Drought causing problems in areas other than agriculture


As Switzerland County farmers try and harvest their crops after a growing season with little rain, other areas of the county are also being affected by the drought conditions.

Bonnie Fancher, science teacher at Switzerland County High School, has been involved with the Indian Creek Watershed Project since 2001. She says that the drought is having a negative effect on the watershed.

“I have concerns about the health of the base of the ecosystem in Indian Creek due to the drought,” Bonnie Fancher said. “As part of my work with students, we have monitored the macro invertebrates – small living organisms that support the food chain – and have found, in past years, that Indian Creek has supported an excellent variety of organisms that are sensitive to pollution.”

But Bonnie Fancher says that when organisms that are sensitive to pollution are present, it means that the organisms have not been exposed to pollutants such as toxic chemicals and heavy metals.

“My concern is that much of the stream flow has ceased because of the extremely low rain conditions throughout the summer months,” Bonnie Fancher said. “Many of these organisms need the continuous presence of water to survive.”

She said that she and her students will again monitor the macro invertebrates in the spring, and at that time they will have a better idea on the effect that the drought has had on the watershed.

“We need to wait until there is water flowing in the streams to do the monitoring,” she said.

Because all of the watersheds in Switzerland County – Grant’s Creek, Goose Creek, Bryant’s Creek, Log Lick Creek, Plum Creek, Indian Creek, and part of Laughery Creek – all supply wildlife with water, Bonnie Fancher believes that the drought is having a negative impact on wildlife in this area, as well.

“Some species of wildlife depend on the Ohio River and farm ponds for water sources,” Bonnie Fancher said. “But the watersheds within our county are critical to the maintenance of quality habitat for our wildlife.”

Bonnie Fancher said that the weather station located at the high school is showing .36-inches of rain for September; and 25.31-inches for the year. She said that she believes that normal amounts range between 42-44 inches a year here.

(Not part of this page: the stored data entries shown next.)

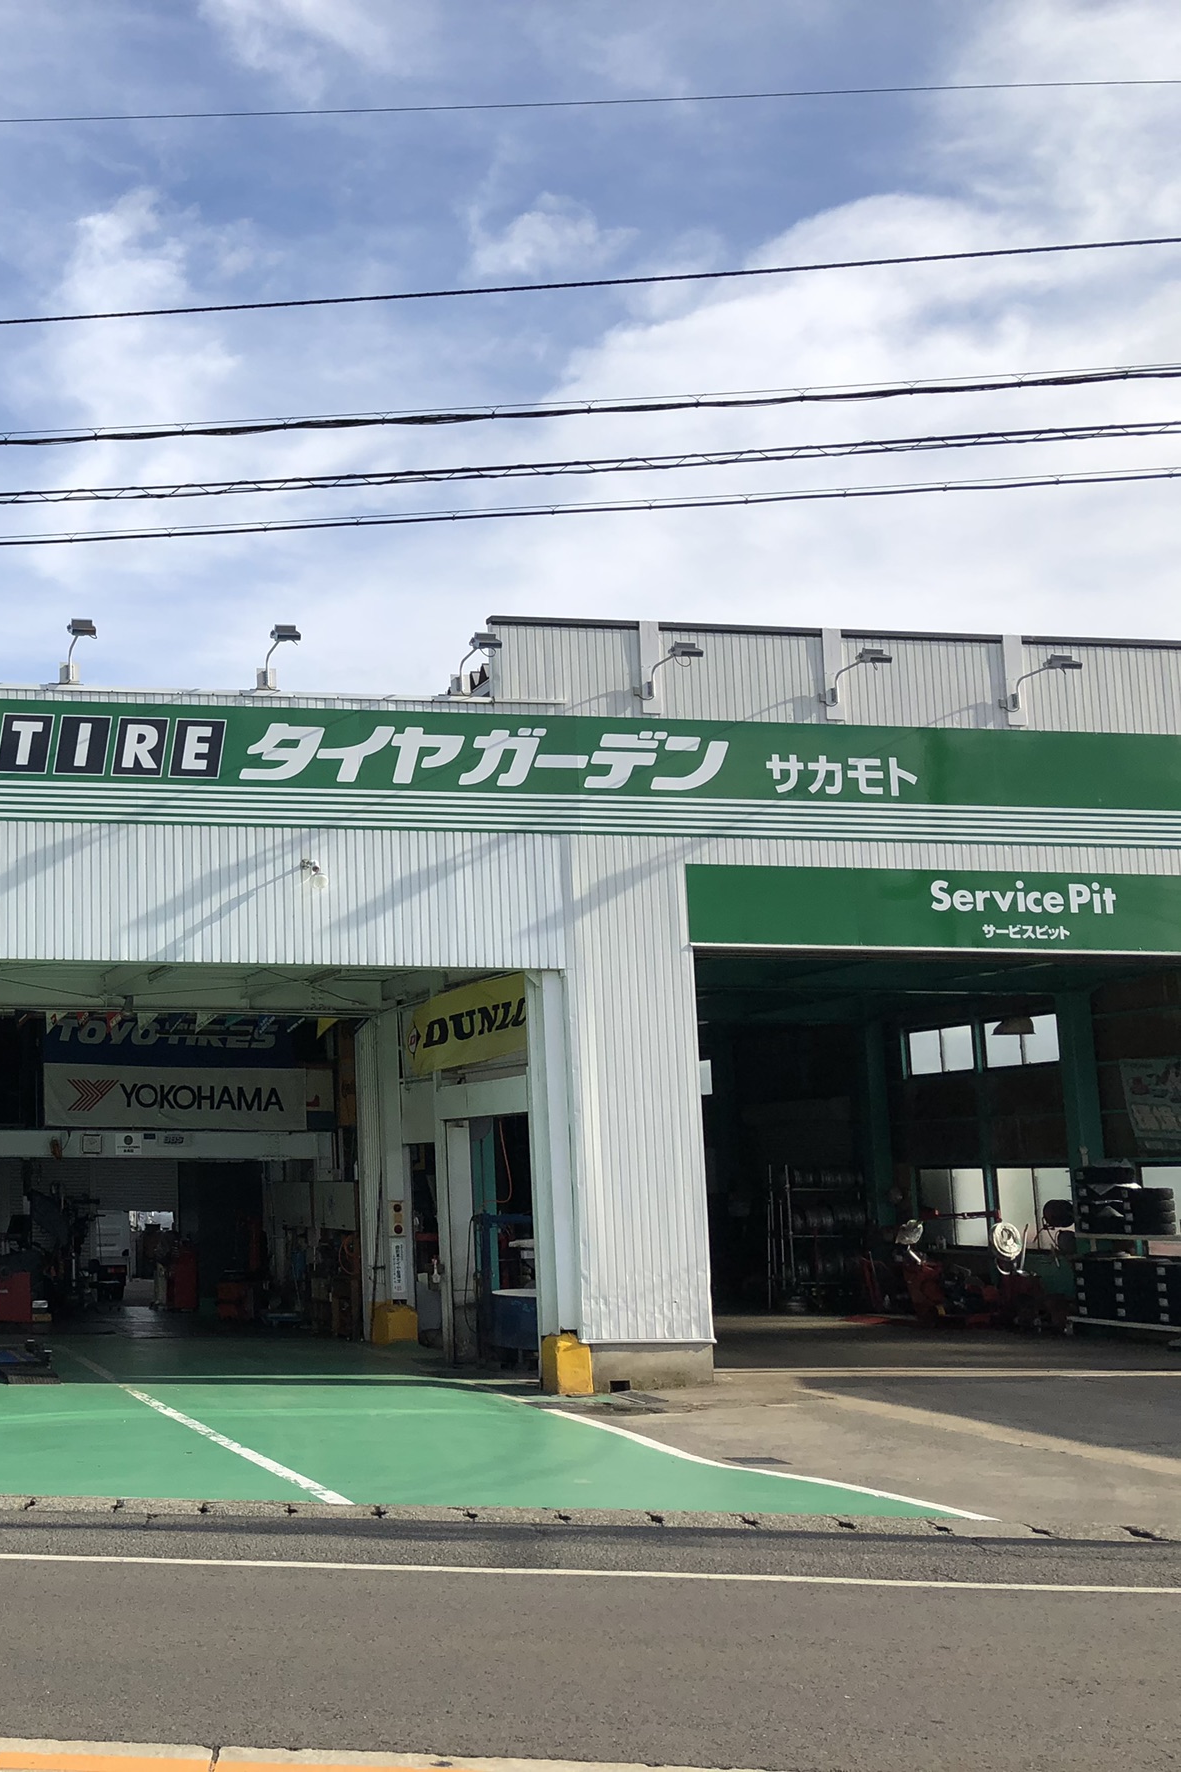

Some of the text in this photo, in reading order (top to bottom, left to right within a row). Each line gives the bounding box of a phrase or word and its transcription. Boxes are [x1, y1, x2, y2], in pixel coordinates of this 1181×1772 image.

[11, 720, 213, 770] TIRE
[238, 722, 919, 797] タイヤガーデン サカモト
[930, 879, 1117, 915] Service Pit
[982, 923, 1070, 940] サービスピット
[120, 1083, 285, 1112] YOKOHAMA

The lack of rain has also caused the Switzerland County Commissioners to impose an open burning ban throughout the county.

The ban on open burning is in effect 24 hours a day, and will remain in effect until it is revoked by the commissioners.

The ordinance reads: “No person shall set, start, or attempt to set or start an open fire within the county during the duration of this emergency unless he or she has first obtained and has in his or her possession a written permit from the fire department having jurisdiction over the area where the open fire is to be conducted.

“Open fires include trash burning, camp fires, and recreational burning.”